In patients who had a previous venous thromboembolism (VTE), dabigatran prevented recurrence about as well as warfarin and caused fewer bleeding events, according to two new manufacturer-sponsored trials of extended treatment.
The results of both trials were published together in the Feb. 21 New England Journal of Medicine.
In the first double-blind trial, almost 3,000 patients with VTE, who were thought to be at high risk of recurrence, completed three months of initial therapy and then were randomized to warfarin or twice-daily dabigatran at a dose of 150 mg. The length of study treatment ranged from six to 36 months.

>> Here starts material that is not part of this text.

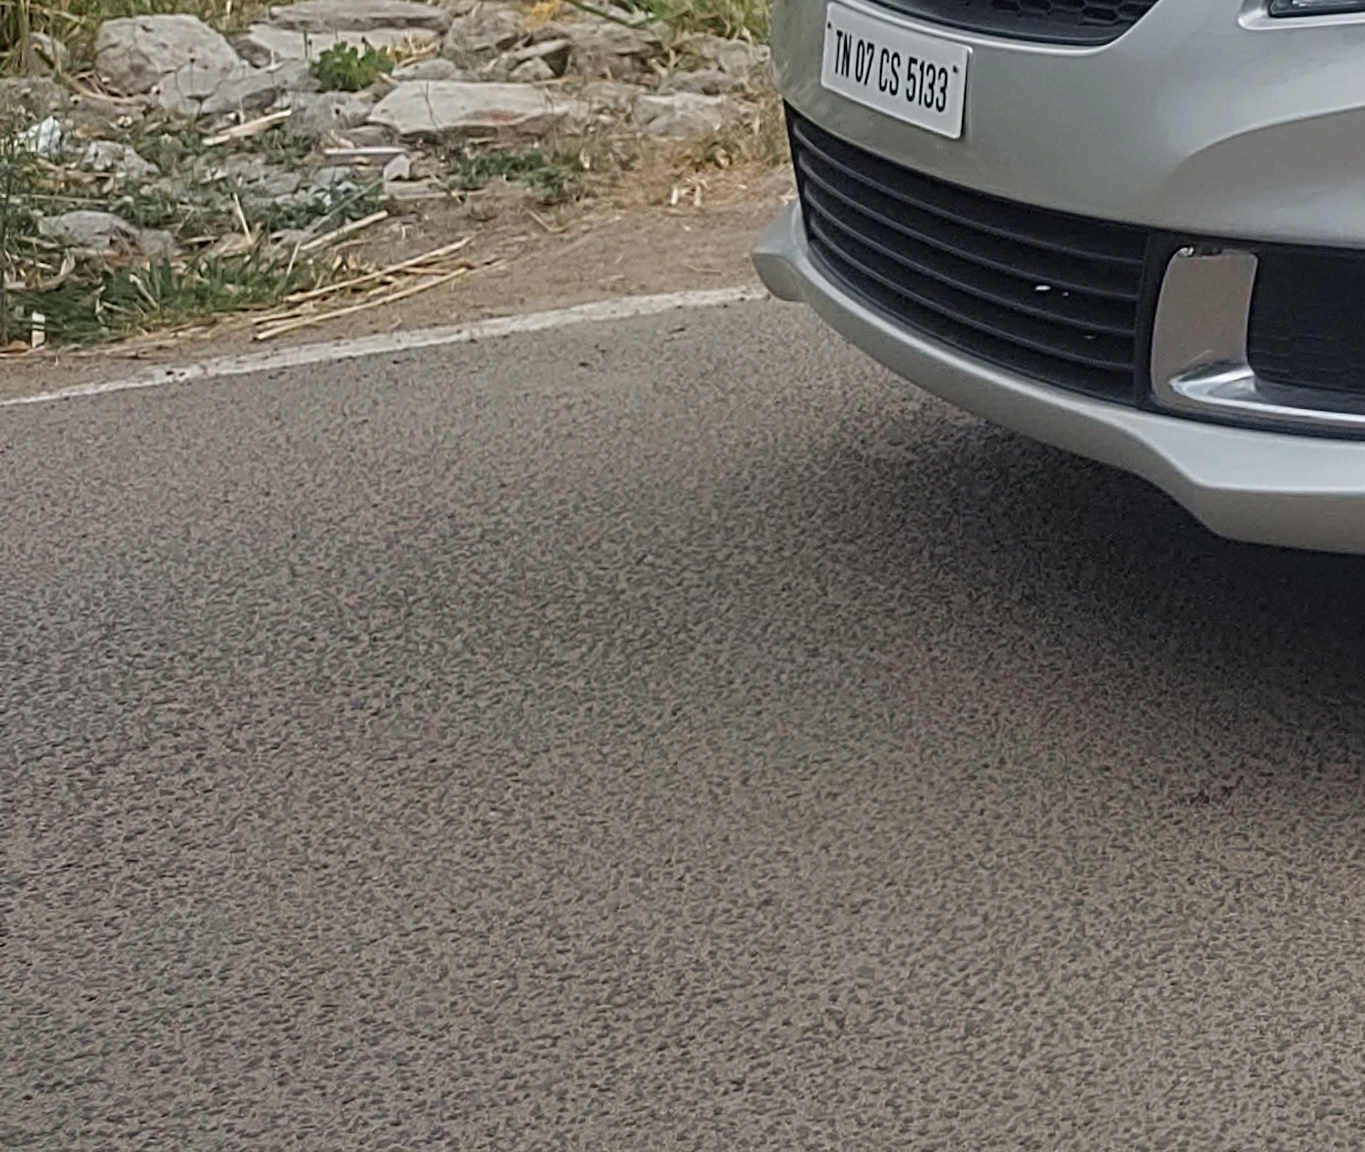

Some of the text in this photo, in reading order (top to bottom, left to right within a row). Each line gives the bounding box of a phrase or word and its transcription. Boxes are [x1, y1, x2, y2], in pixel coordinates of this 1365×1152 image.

[836, 30, 948, 113] TN 07 CS 5133

Recurrent VTE occurred in 1.8% of dabigatran patients compared to 1.3% of warfarin patients, a finding that met the study's prespecified threshold for noninferiority. The dabigatran patients had fewer major bleeds and fewer major or clinically relevant bleeds, but only the latter combined outcome showed a statistically significant difference.
In the second double-blind trial, about 1,300 similar patients were randomized to the same dabigatran treatment or to placebo. The dabigatran group had many fewer VTE recurrences (0.4% vs. 5.6%; hazard ratio, 0.08; P<0.001) than the placebo group, but more major (0.3% vs. 0) and major or clinically relevant (5.3% vs. 1.8%) bleeds.

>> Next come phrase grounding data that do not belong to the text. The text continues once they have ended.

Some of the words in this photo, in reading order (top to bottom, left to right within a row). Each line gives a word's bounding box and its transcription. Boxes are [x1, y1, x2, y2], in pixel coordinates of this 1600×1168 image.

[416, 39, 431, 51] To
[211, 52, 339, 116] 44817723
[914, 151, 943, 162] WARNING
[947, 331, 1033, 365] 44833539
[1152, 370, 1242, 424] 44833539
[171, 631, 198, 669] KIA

The study authors concluded that dabigatran was effective in extended treatment of VTE and carried a lower risk of major or clinically relevant bleeding than warfarin, but a higher one than placebo. They noted that the efficacy of dabigatran compared to placebo was similar to that shown by rivaroxaban and warfarin in other studies.

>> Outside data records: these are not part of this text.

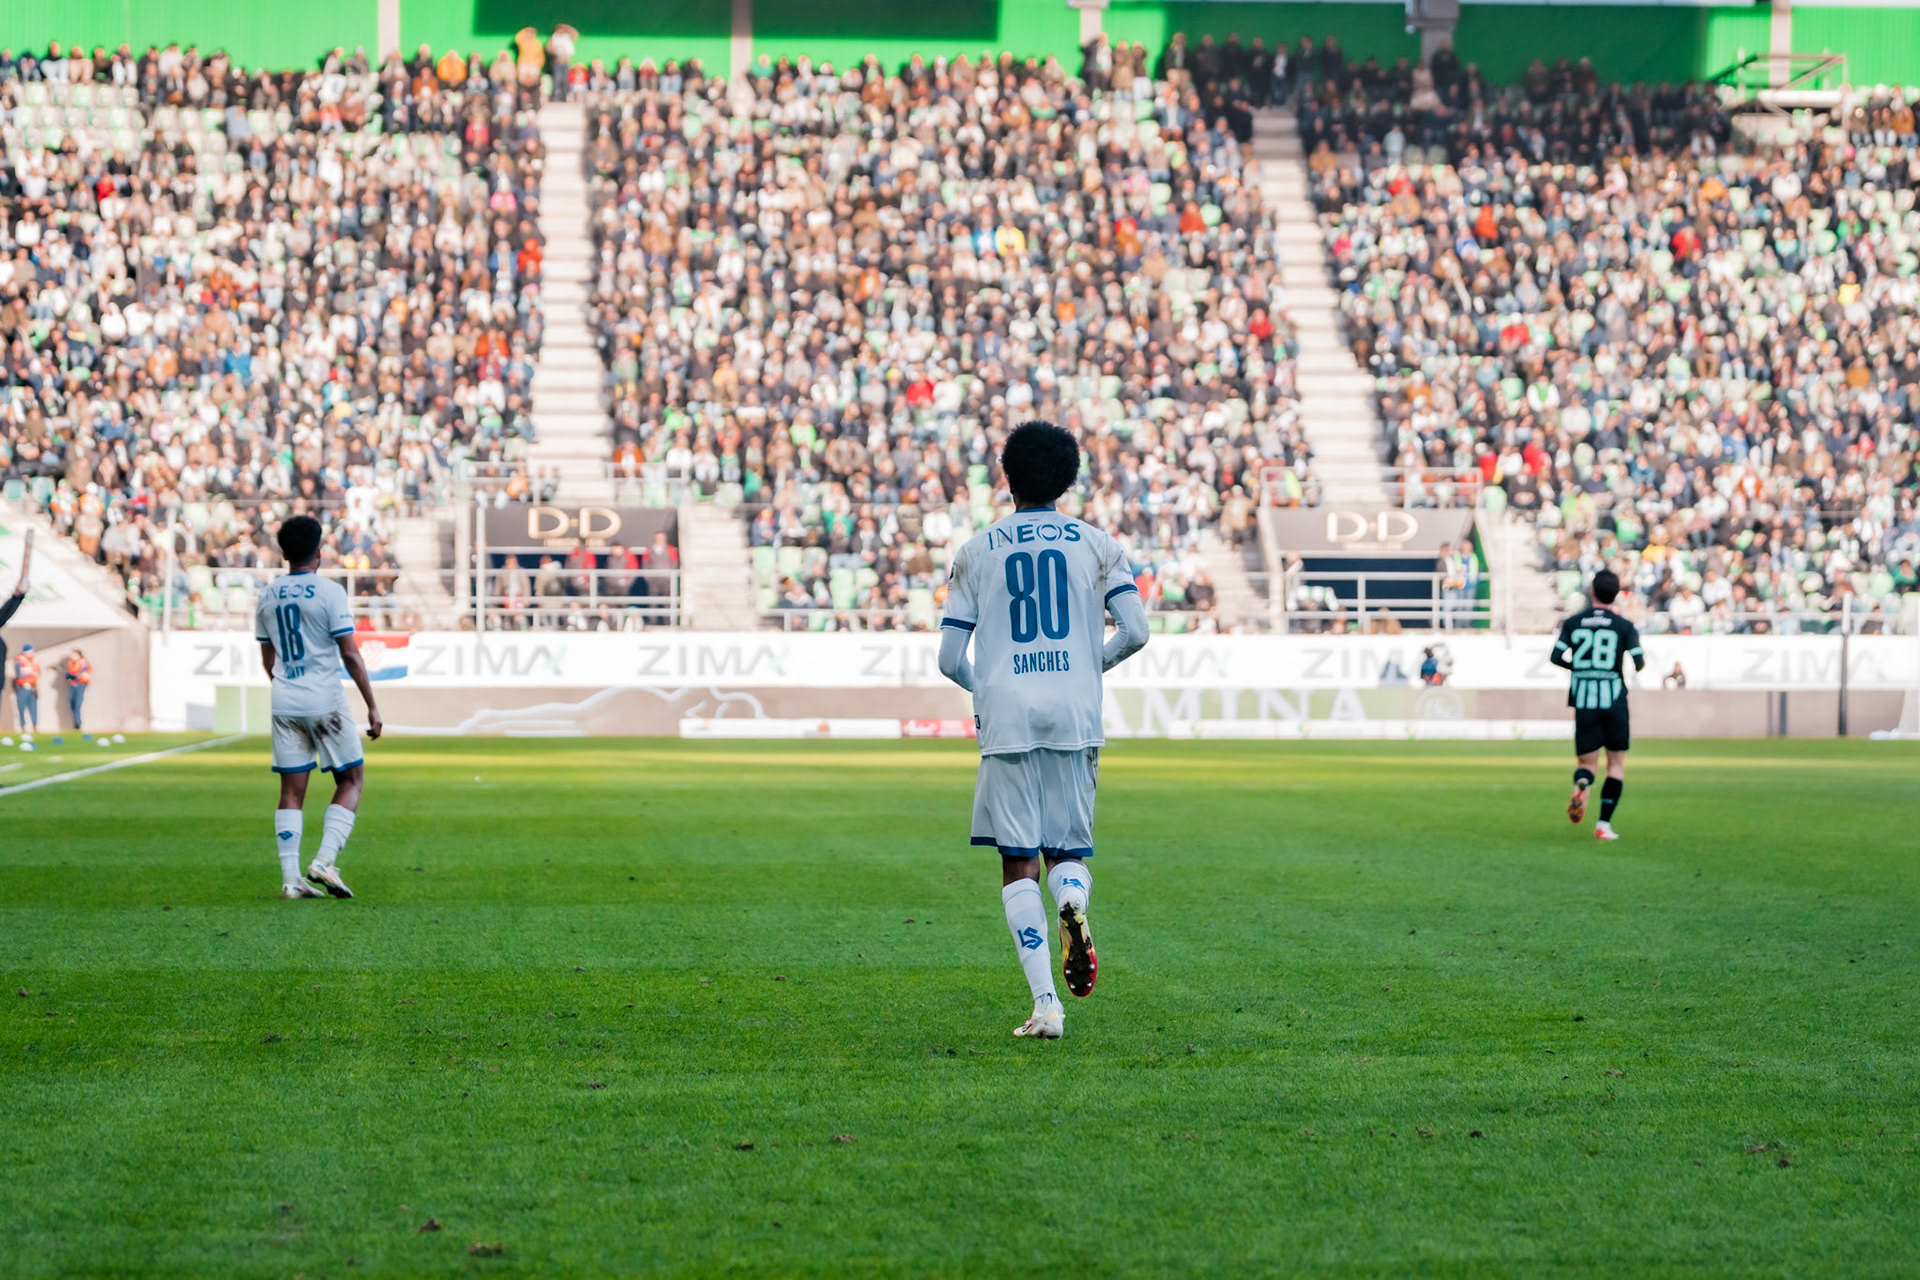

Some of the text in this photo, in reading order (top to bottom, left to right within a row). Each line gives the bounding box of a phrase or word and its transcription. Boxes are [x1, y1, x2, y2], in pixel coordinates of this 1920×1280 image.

[988, 523, 1081, 550] INEOS
[1005, 549, 1070, 643] 80
[275, 603, 305, 662] 18
[1571, 628, 1618, 670] 28
[1014, 651, 1070, 674] SANCHES

However, the study was not able to resolve concerns about an association between dabigatran and acute coronary syndromes (ACS). In the first trial, ACS occurred in 13 (0.9%) dabigatran patients and 3 (0.2%) warfarin patients, and it occurred in one patient in each of the groups in the placebo trial.
Based on results like these, targeted anticoagulants are an appealing alternative to warfarin, according to an accompanying editorial, which noted that dabigatran has not yet been FDA-approved for extended treatment of VTE. However, the editorialist cautioned, there are still questions and concerns about these new drugs, including the current lack of an antidote and the challenge of selecting appropriate patients for treatment.